Letters-to-the-editor pages differ from newspaper to newspaper. Monitor your newspaper to get a feel for what they do and don’t publish. View a sample letter-to-the-editor and write your own using these tips:
- Letters should be short. Most letters should be no more than three or four short paragraphs. Note that some papers reserve the right to edit for length if your letter is too long. Always start your letter with “Dear Editor,”.
- Advance your message. Letters present an opportunity for you to influence others. Use storytelling and verifying facts to make your case. If you want an elected official or entity to take a certain action, be clear in what you want done and make sure you name them. If you want to build a relationship with the official, however, it’s always better to have contacted them to share your position with them first before doing so publicly with a letter.
- Responding to misinformation. Letters can be used to respond to articles with misinformation.
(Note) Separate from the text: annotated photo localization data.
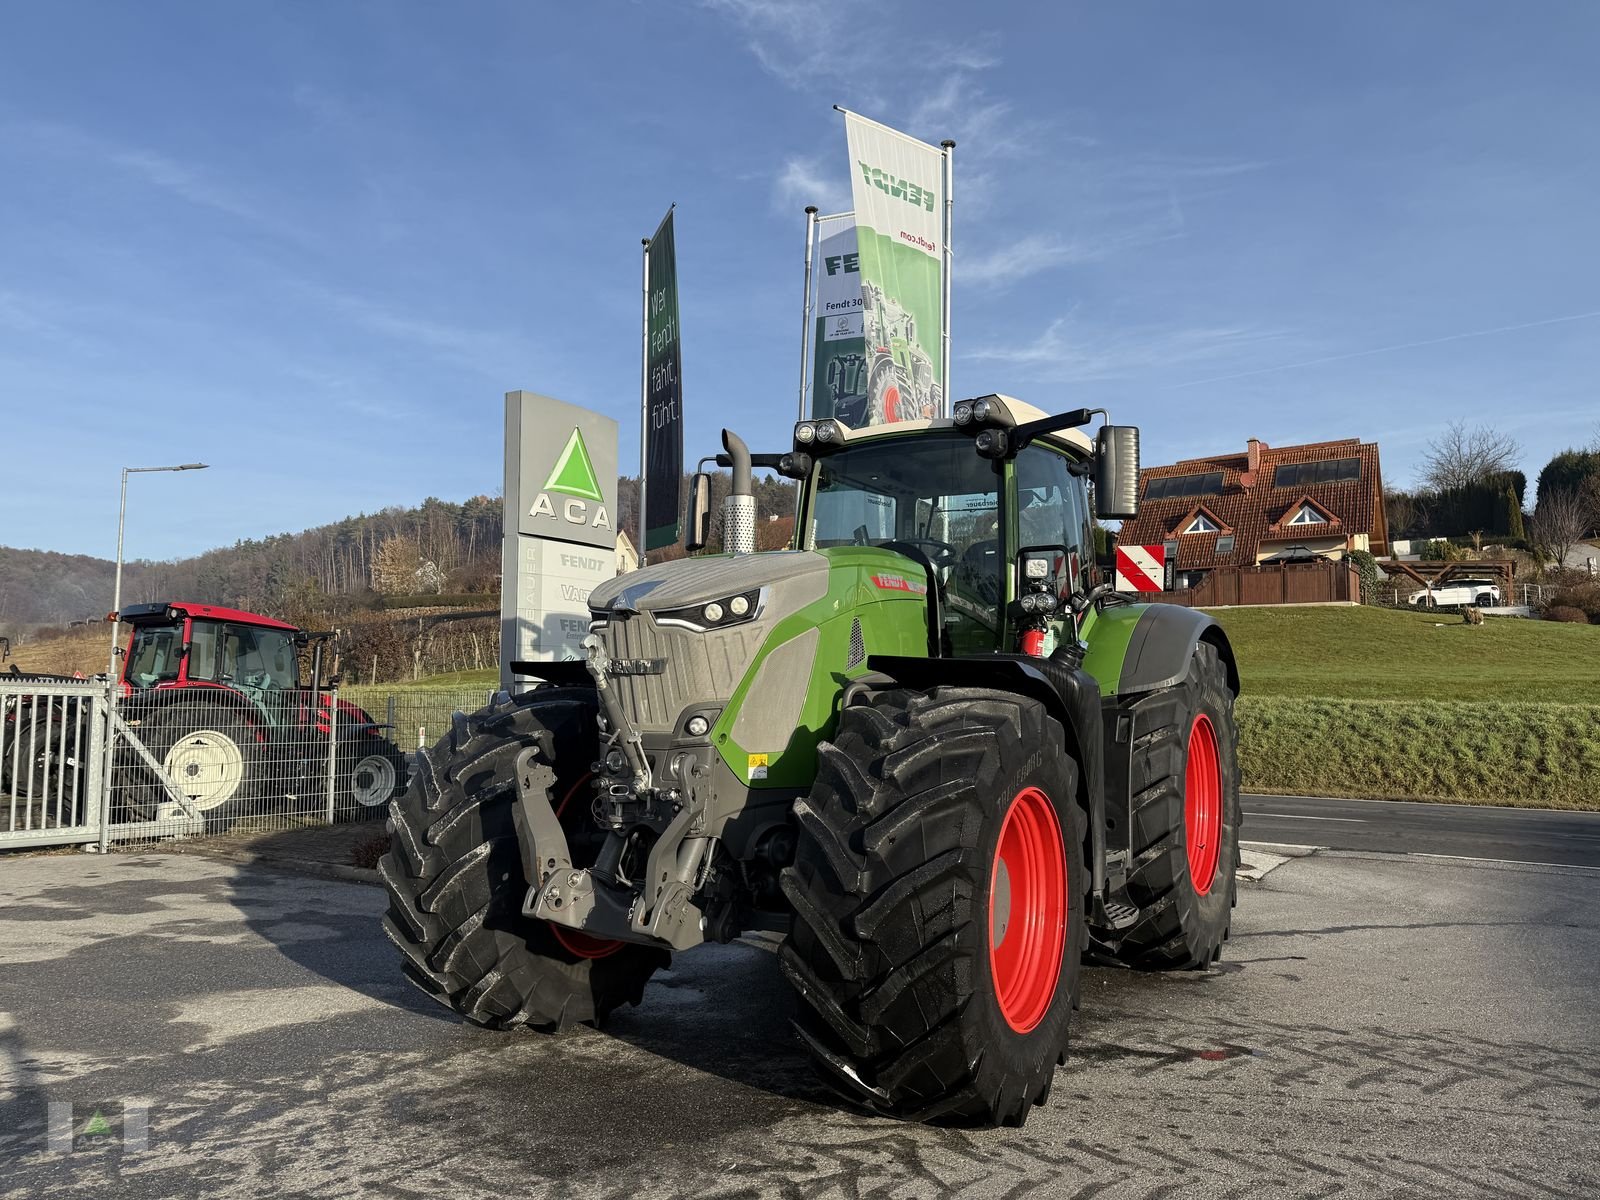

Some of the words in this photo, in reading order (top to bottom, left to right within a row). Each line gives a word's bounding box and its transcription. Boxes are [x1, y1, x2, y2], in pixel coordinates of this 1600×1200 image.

[824, 252, 860, 276] FE
[651, 287, 666, 319] Wer
[826, 300, 850, 310] Fendt
[652, 315, 676, 357] Fendt
[652, 397, 679, 431] führt.
[528, 493, 612, 531] ACA
[560, 553, 605, 571] FENDT
[560, 619, 590, 632] FEN
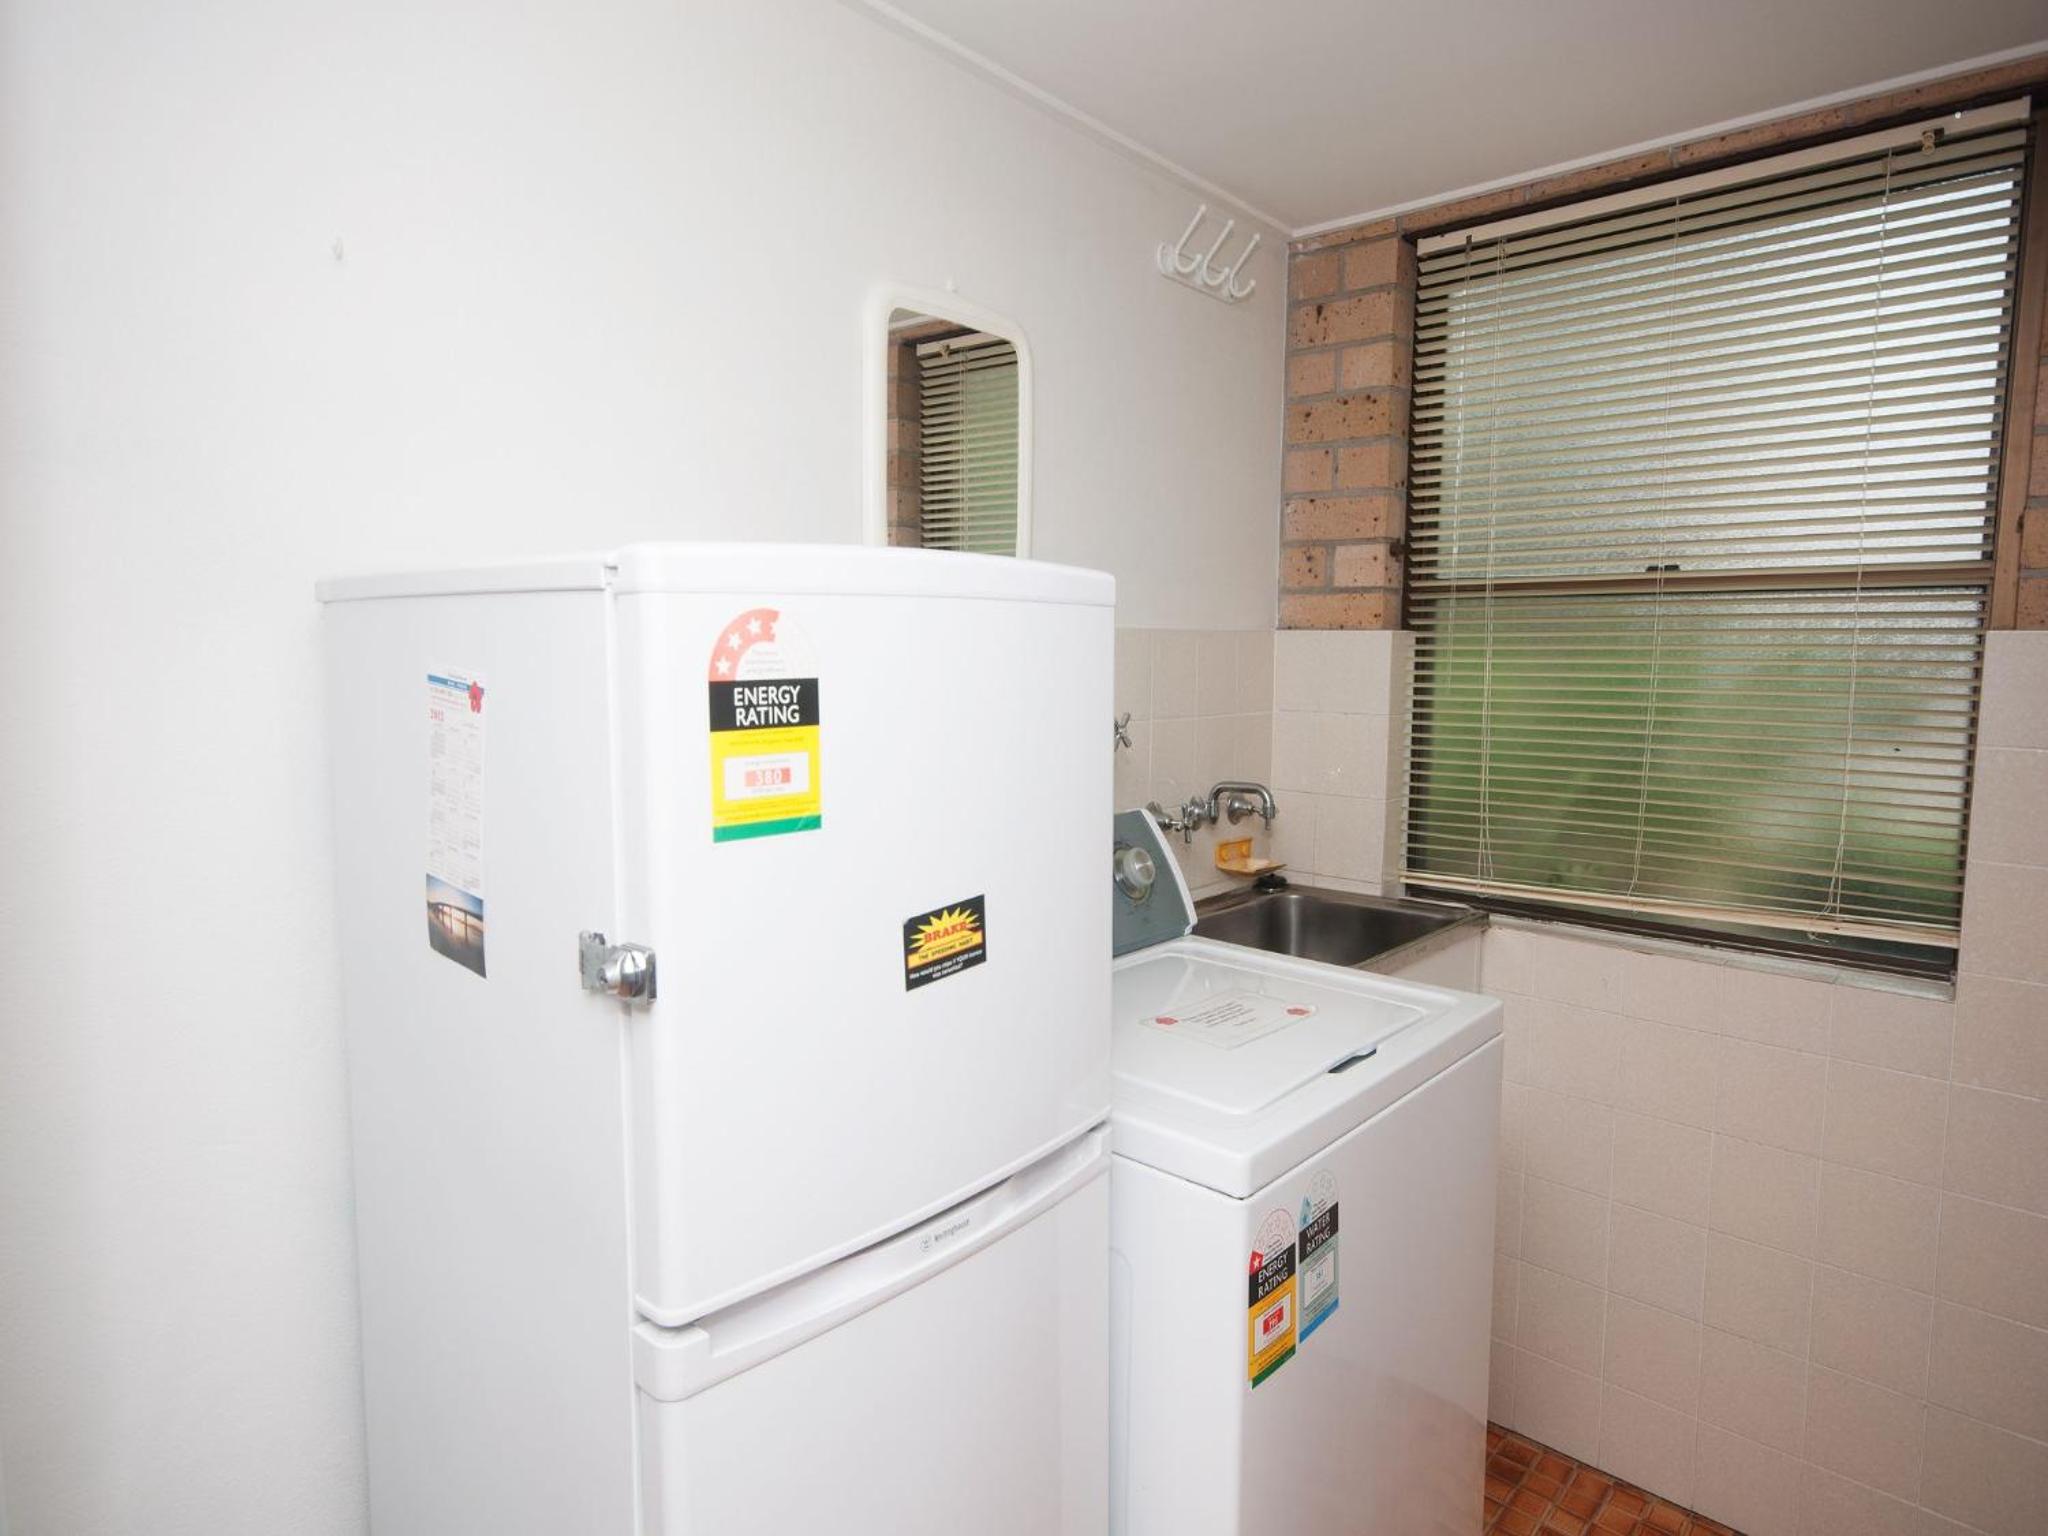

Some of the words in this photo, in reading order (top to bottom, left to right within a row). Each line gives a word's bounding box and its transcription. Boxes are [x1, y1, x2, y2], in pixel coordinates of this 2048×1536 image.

[734, 685, 800, 706] ENERGY
[735, 705, 800, 727] RATING
[754, 768, 782, 786] 380
[924, 922, 967, 944] BRAKE
[1306, 1211, 1331, 1240] WATER
[1306, 1229, 1331, 1255] RATING
[1258, 1250, 1289, 1284] ENERGY
[1258, 1272, 1289, 1300] RATING
Begin your letter by identifying the article to which you are responding to and then move on to your point. The classic first sentence for a letter-to-the-editor is some variation of “Your recent article on ______________ missed the point.” From there, move on to your message and make your case.
- Signers make a difference. Are there others who share your position? Sometimes it helps to have multiple signers on a letter if the paper allows it. Having well respected or well-known community members collectively sign onto a letter can help influence others.
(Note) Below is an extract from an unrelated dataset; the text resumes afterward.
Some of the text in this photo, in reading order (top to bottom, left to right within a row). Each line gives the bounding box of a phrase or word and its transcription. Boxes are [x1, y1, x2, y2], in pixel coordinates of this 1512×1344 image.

- Provide contact info. Make sure to sign your letter-to-the-editor and include a phone number and address. If the letter is chosen for publication, the newspaper staff can call to confirm that the letter is indeed from you. The newspaper will not print your phone number.
- Send your letter. Always make sure your letter is addressed to “Letters-to-the-Editor,” to the newspaper. Some papers take letters by fax, email, or on their website; others do not. Check your newspaper’s policy.
Doing a Media Interview
Food and agriculture issues are a hot topic these days. You know the old adage, if you don’t tell your story, someone else will do it for you. And so often, those eager to tell agriculture’s story have biases against the way farmers and ranchers do their jobs. Studies show that the public has a high level of trust for farmers and ranchers as individuals.
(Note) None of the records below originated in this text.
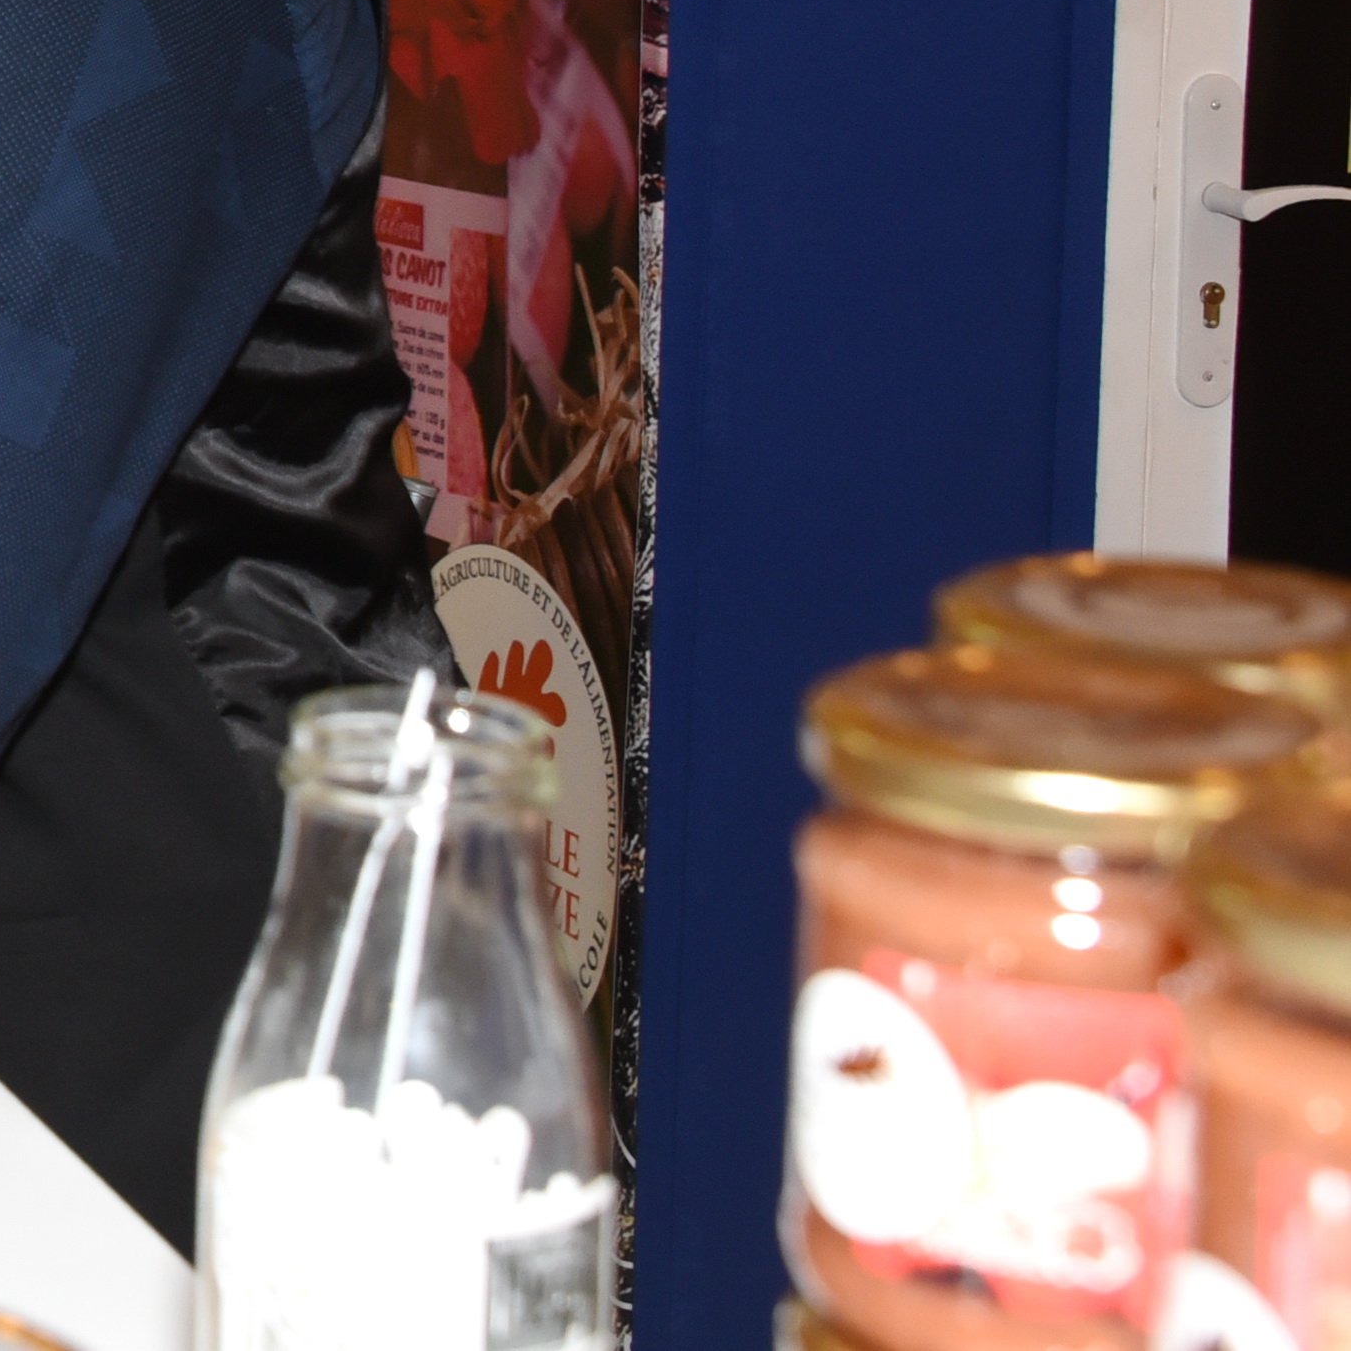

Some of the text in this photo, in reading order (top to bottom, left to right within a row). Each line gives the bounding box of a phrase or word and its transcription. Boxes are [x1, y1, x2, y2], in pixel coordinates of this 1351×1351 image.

[397, 252, 447, 289] CANOT
[416, 294, 449, 318] EXTRA
[532, 583, 552, 613] ET
[550, 608, 573, 644] DE
[569, 638, 618, 876] L'ALIMENTATION
There are few opportunities to reach a wider audience than through the media outlets. So it’s important that when we get the chance, we have members who are willing and able to represent what they do and why they do it when the media calls.
Want to find a way to amplify your message? Interact with the media. Here are some tips to make the media interview a success.
- Determine your interview goal.
- Stay focused on your key message(s),and repeat them frequently.
- Think and speak in terms of headlines, followed by the story.
- Block and bridge to refocus the interview or address difficult questions.
- Keep answers brief.
- Say only what you want to say, then stop.
- Avoid jargon and acronyms.
- Remember who your audience is.
- Never go “off the record.”
- Meet media deadlines.
- What is the reporter’s name and media affiliation (radio, TV, newspaper, magazine, website)?
- What are the reporter’s phone number and contact information?
- What is the topic of the interview?
- What is the story’s objective or angle?
- Who is the primary audience?
- Am I the appropriate person for this story?
- Who else will be interviewed for this story?
- What are the date and time of the interview?
- What are the format and length of the interview?
- What is the anticipated date of airing or publication?
- Are there any additional information needs?
- Who else should be notified of this media opportunity?